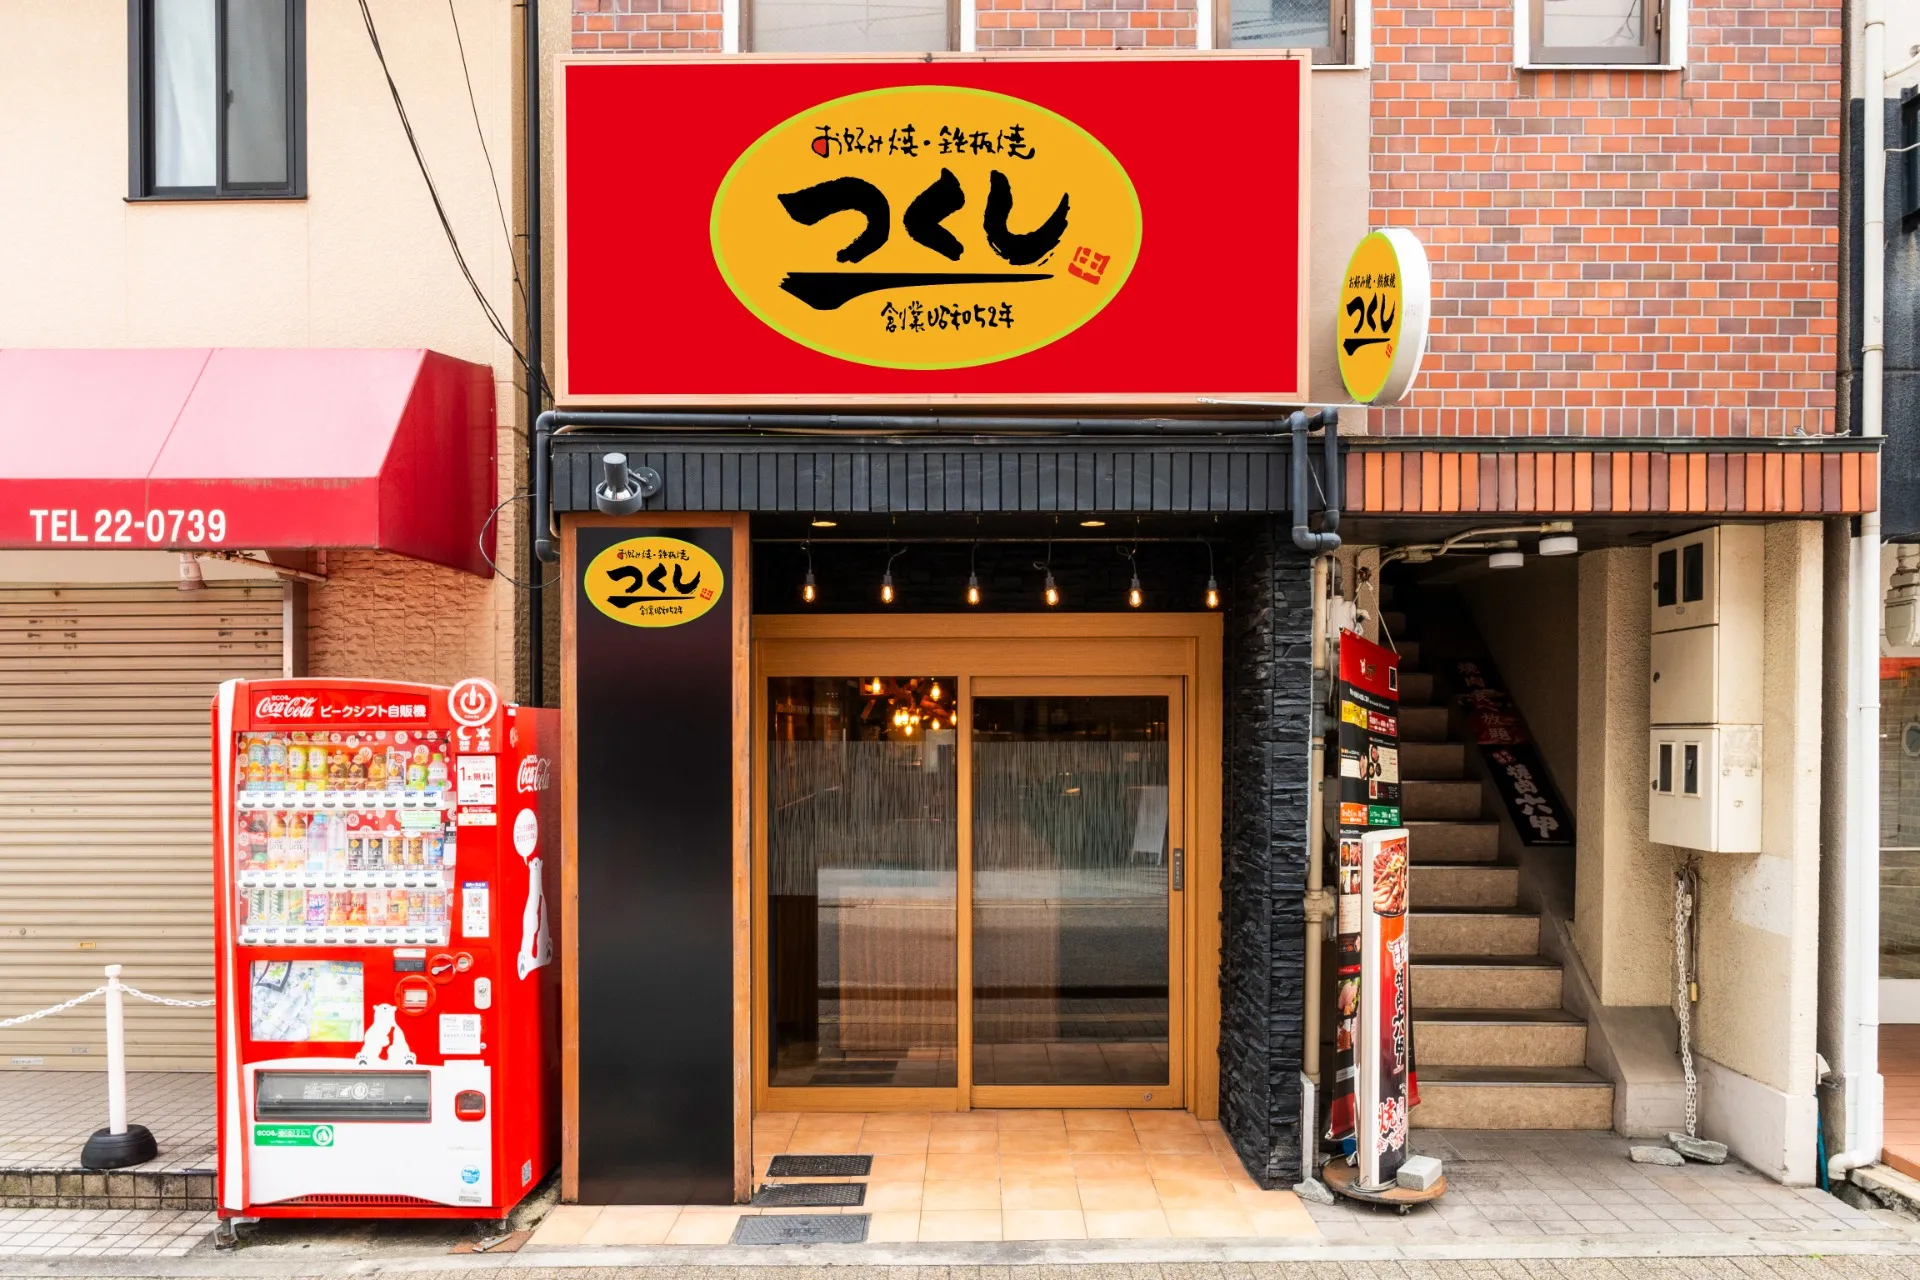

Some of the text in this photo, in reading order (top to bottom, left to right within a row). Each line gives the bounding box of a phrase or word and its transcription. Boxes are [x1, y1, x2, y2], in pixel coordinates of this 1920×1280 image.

[811, 123, 1036, 160] お好み焼・鉄板焼
[777, 167, 1071, 267] つくし
[1348, 272, 1396, 290] お好み焼・鉄板焼
[880, 301, 1015, 333] 創業昭和52年
[1346, 292, 1396, 334] つくし
[29, 509, 226, 542] TEL 22-0739
[606, 563, 701, 595] つくし
[255, 696, 318, 718] Coca-Cola
-------------------------
§ TASK BRIEF: Produce an exact copy of each line of data, skipping embedded images.

§ RESPONSE TO THIS EXERCISE:
Some of the text in this photo, in reading order (top to bottom, left to right within a row). Each line gives the bounding box of a phrase or word and its transcription. Boxes are [x1, y1, x2, y2], in pixel coordinates of this 1920×1280 image.

[811, 123, 1036, 160] お好み焼・鉄板焼
[777, 167, 1071, 267] つくし
[1348, 272, 1396, 290] お好み焼・鉄板焼
[880, 301, 1015, 333] 創業昭和52年
[1346, 292, 1396, 334] つくし
[29, 509, 226, 542] TEL 22-0739
[606, 563, 701, 595] つくし
[255, 696, 318, 718] Coca-Cola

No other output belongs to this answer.